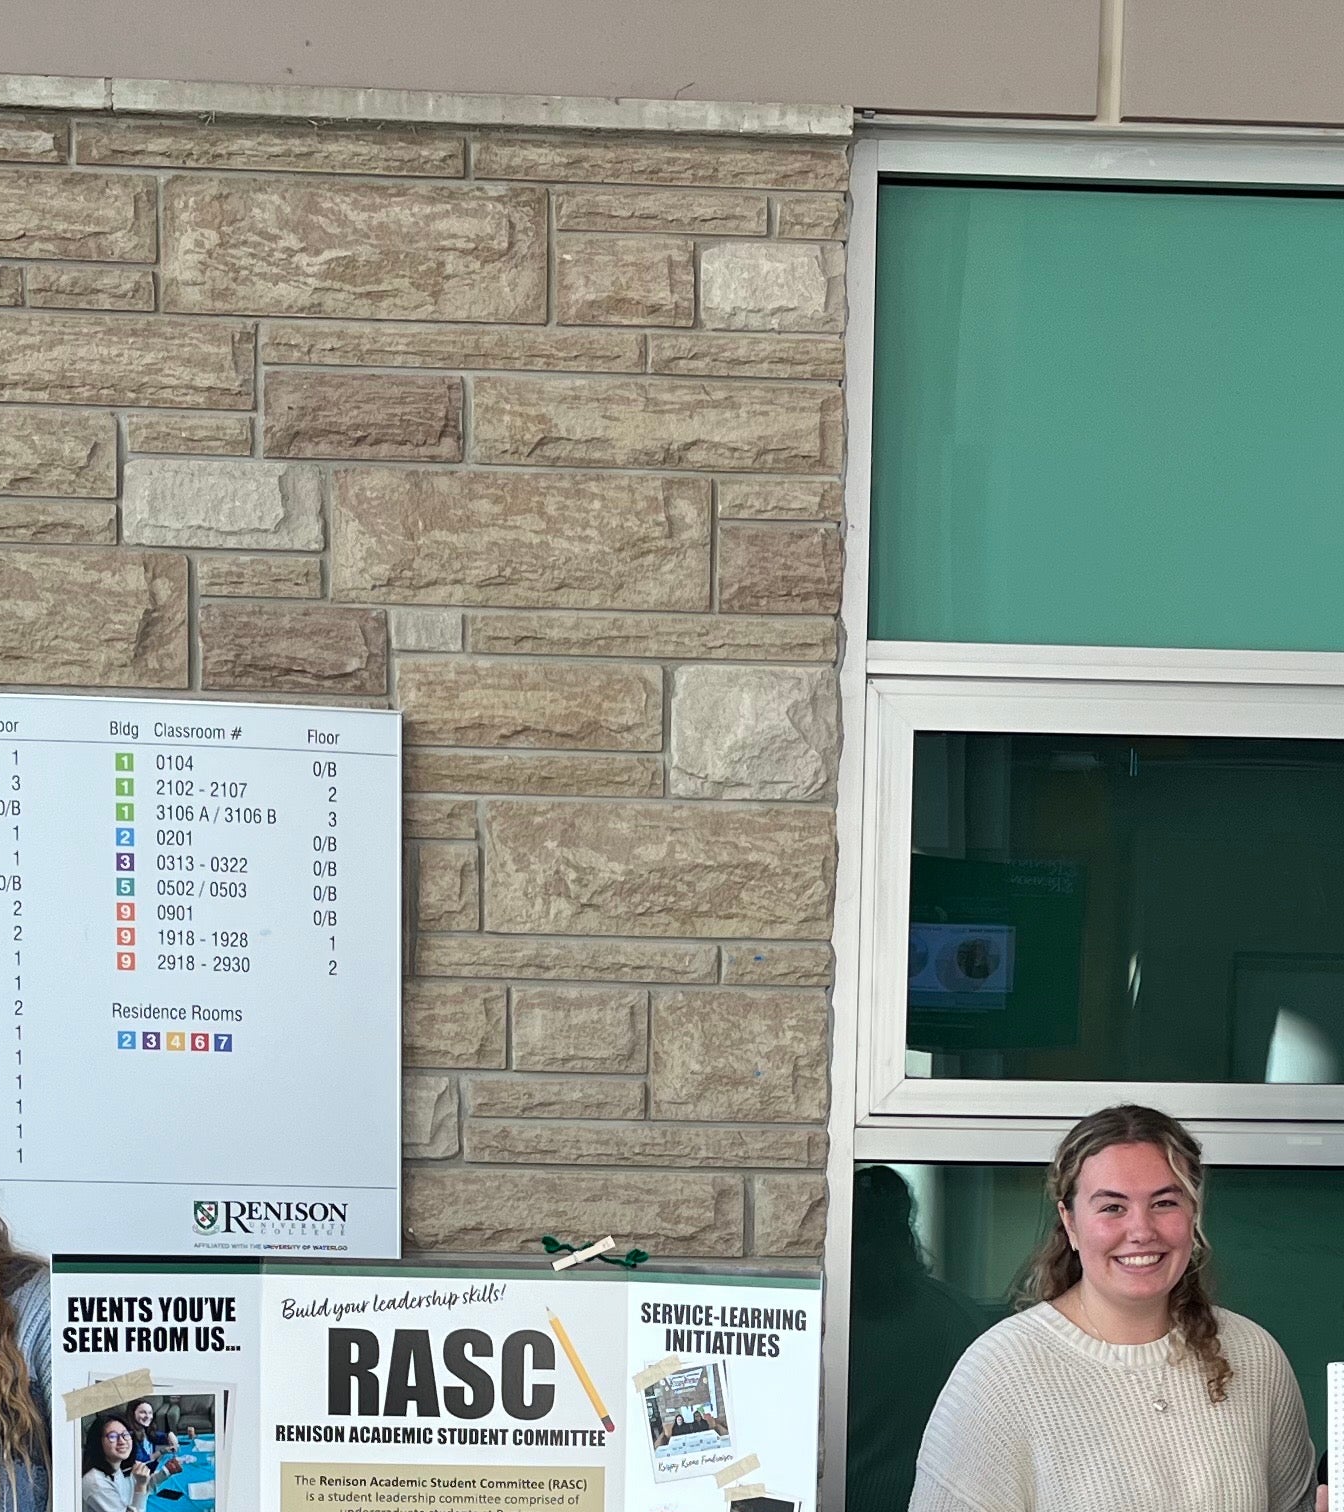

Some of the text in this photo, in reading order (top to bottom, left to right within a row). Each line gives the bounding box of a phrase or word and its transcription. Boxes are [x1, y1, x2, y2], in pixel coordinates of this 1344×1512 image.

[110, 721, 339, 744] Bldg Classroom # Floor
[157, 755, 193, 771] 0104
[313, 761, 336, 777] 0/B
[157, 780, 247, 798] 2102 2107
[157, 830, 191, 846] 0201
[158, 905, 192, 920] 0901
[158, 954, 250, 972] 2918 2930
[113, 1003, 242, 1021] Residence Rooms
[221, 1201, 348, 1234] RENISON
[250, 1222, 346, 1230] UNIVERSITY
[260, 1228, 345, 1236] COLLEGE
[68, 1297, 236, 1322] EVENTS YOU'VE
[282, 1284, 507, 1321] Build your leadership skills!
[641, 1302, 806, 1331] SERVICE-LEARNING
[63, 1327, 118, 1353] SEEN
[126, 1327, 188, 1352] FROM
[666, 1329, 780, 1357] INITIATIVES
[328, 1328, 555, 1420] RASC
[276, 1425, 605, 1447] RENISON ACADEMIC STUDENT COMMITTEE
[294, 1475, 587, 1492] The Renison Academic Student Committee (RASC)
[328, 1492, 580, 1507] student leadership committee comprised of
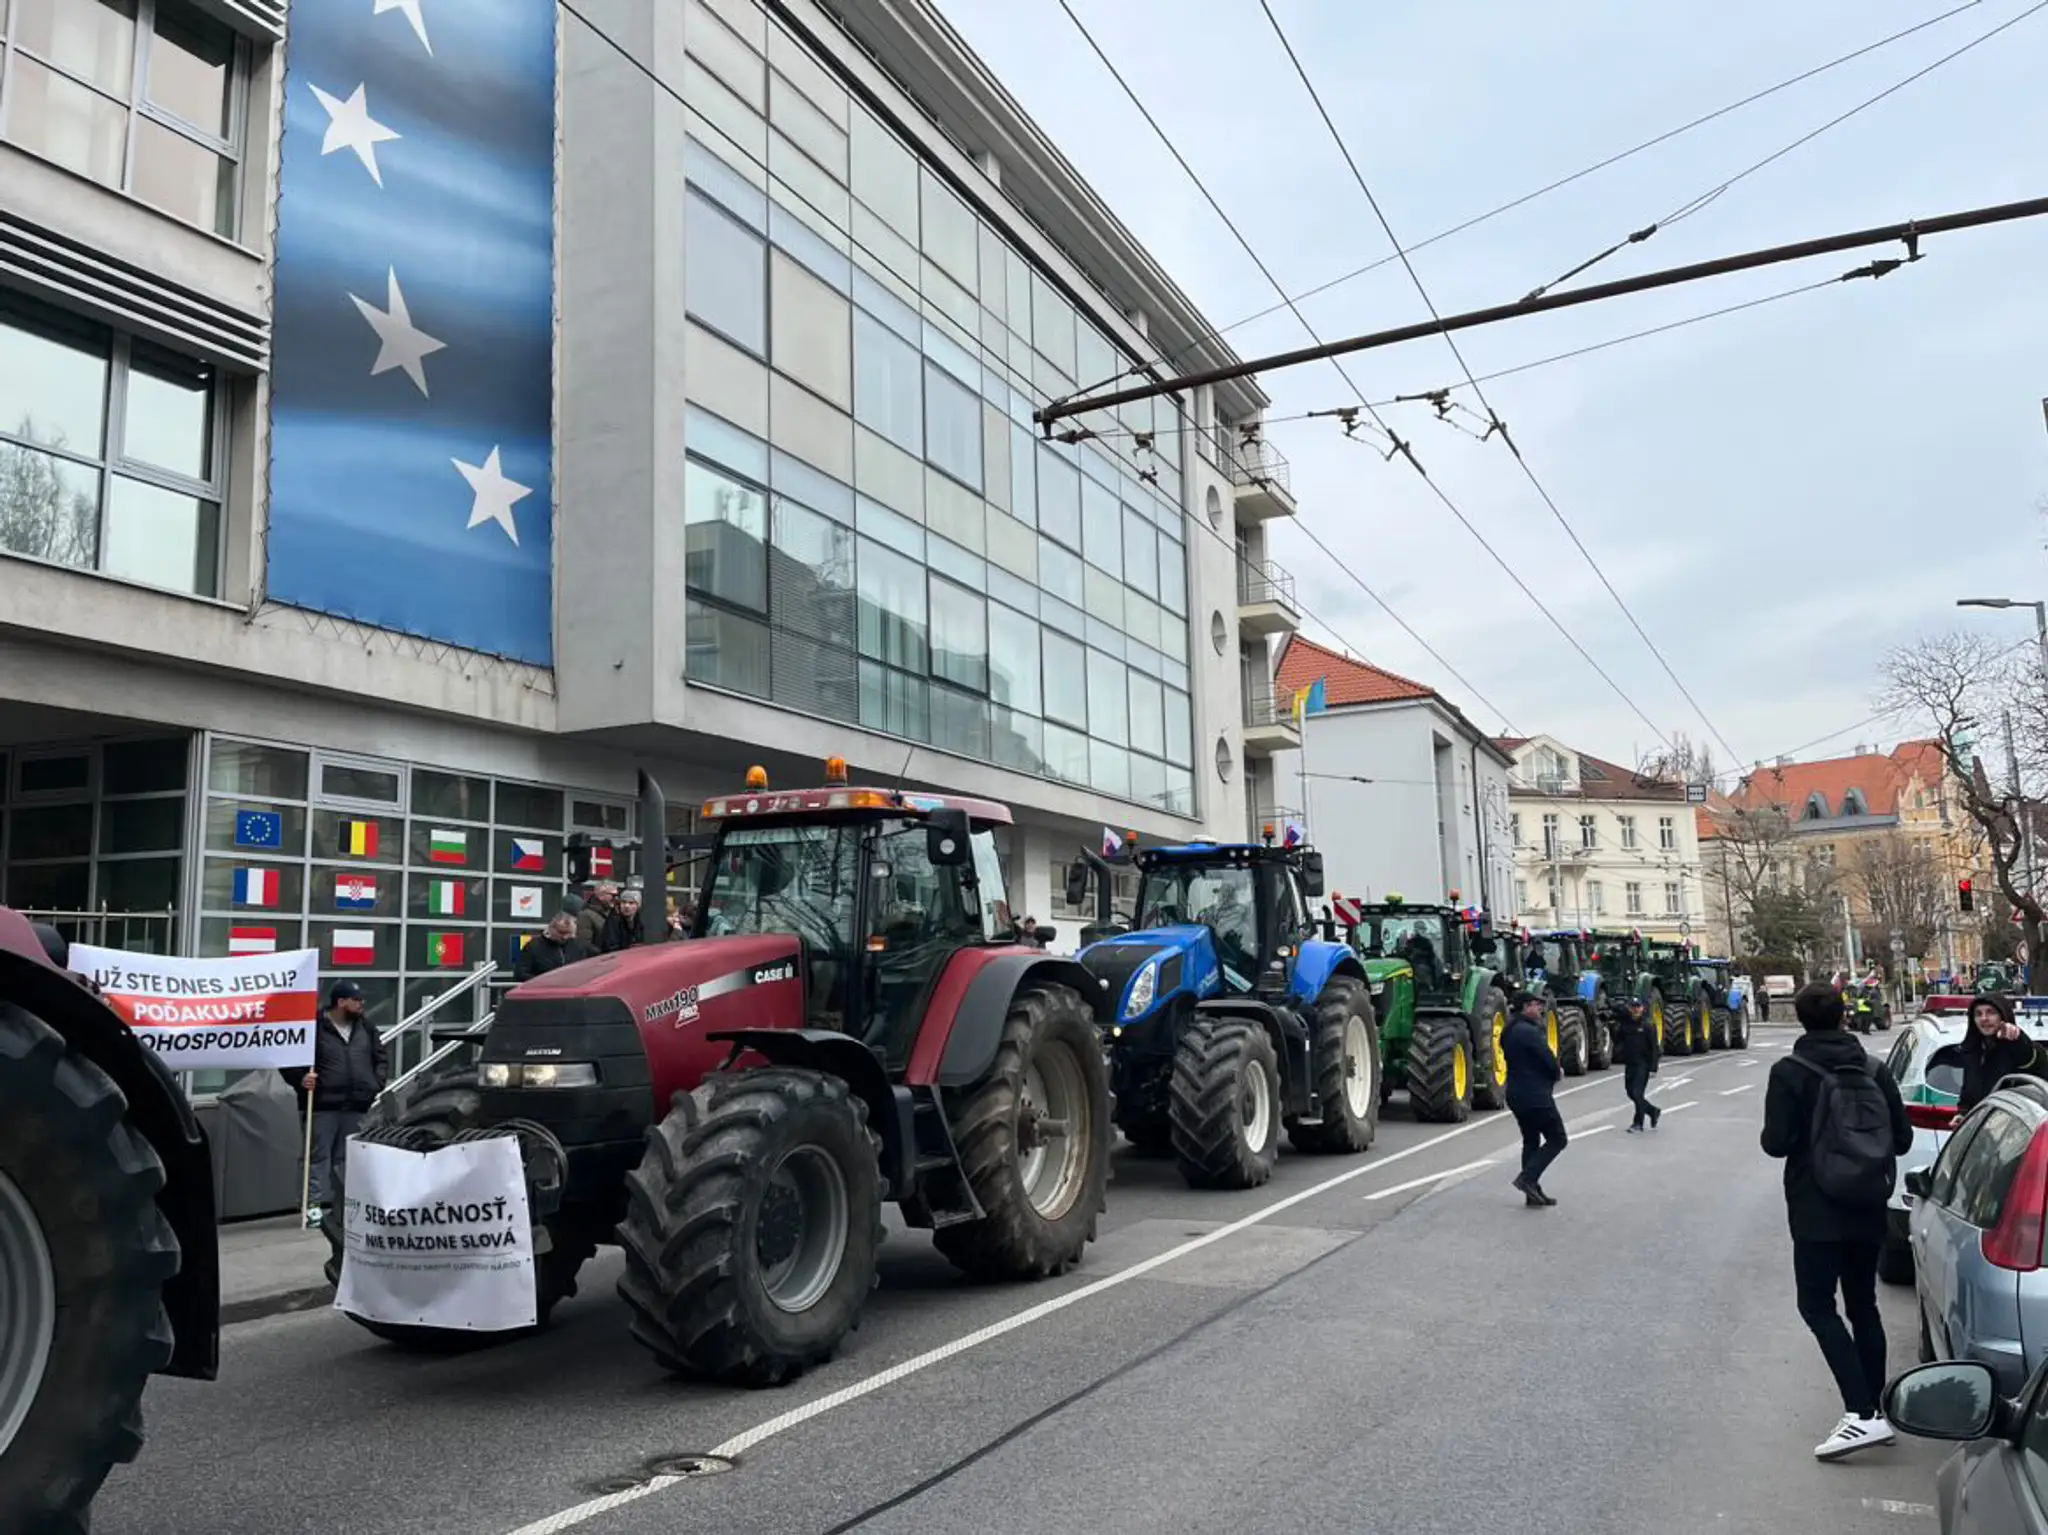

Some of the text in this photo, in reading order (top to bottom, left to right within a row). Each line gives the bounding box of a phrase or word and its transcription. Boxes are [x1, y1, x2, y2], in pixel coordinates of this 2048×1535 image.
———
■ WHAT YOU ARE ASKED TO DO
The records above are to be repeated exactly, with every picture removed from the copy.

■ TASK OUTPUT
Some of the text in this photo, in reading order (top to bottom, left to right within a row). Each line gives the bounding box of a phrase or word and its transcription. Boxes are [x1, y1, x2, y2], in pixel coordinates of this 1344×1512 image.

[110, 721, 339, 744] Bldg Classroom # Floor
[157, 755, 193, 771] 0104
[313, 761, 336, 777] 0/B
[157, 780, 247, 798] 2102 2107
[157, 830, 191, 846] 0201
[158, 905, 192, 920] 0901
[158, 954, 250, 972] 2918 2930
[113, 1003, 242, 1021] Residence Rooms
[221, 1201, 348, 1234] RENISON
[250, 1222, 346, 1230] UNIVERSITY
[260, 1228, 345, 1236] COLLEGE
[68, 1297, 236, 1322] EVENTS YOU'VE
[282, 1284, 507, 1321] Build your leadership skills!
[641, 1302, 806, 1331] SERVICE-LEARNING
[63, 1327, 118, 1353] SEEN
[126, 1327, 188, 1352] FROM
[666, 1329, 780, 1357] INITIATIVES
[328, 1328, 555, 1420] RASC
[276, 1425, 605, 1447] RENISON ACADEMIC STUDENT COMMITTEE
[294, 1475, 587, 1492] The Renison Academic Student Committee (RASC)
[328, 1492, 580, 1507] student leadership committee comprised of

Some of the text in this photo, in reading order (top to bottom, left to right within a row). Each line gives the bounding box of a phrase or word and its transcription. Boxes are [x1, y1, x2, y2], in pixel coordinates of this 2048×1535 image.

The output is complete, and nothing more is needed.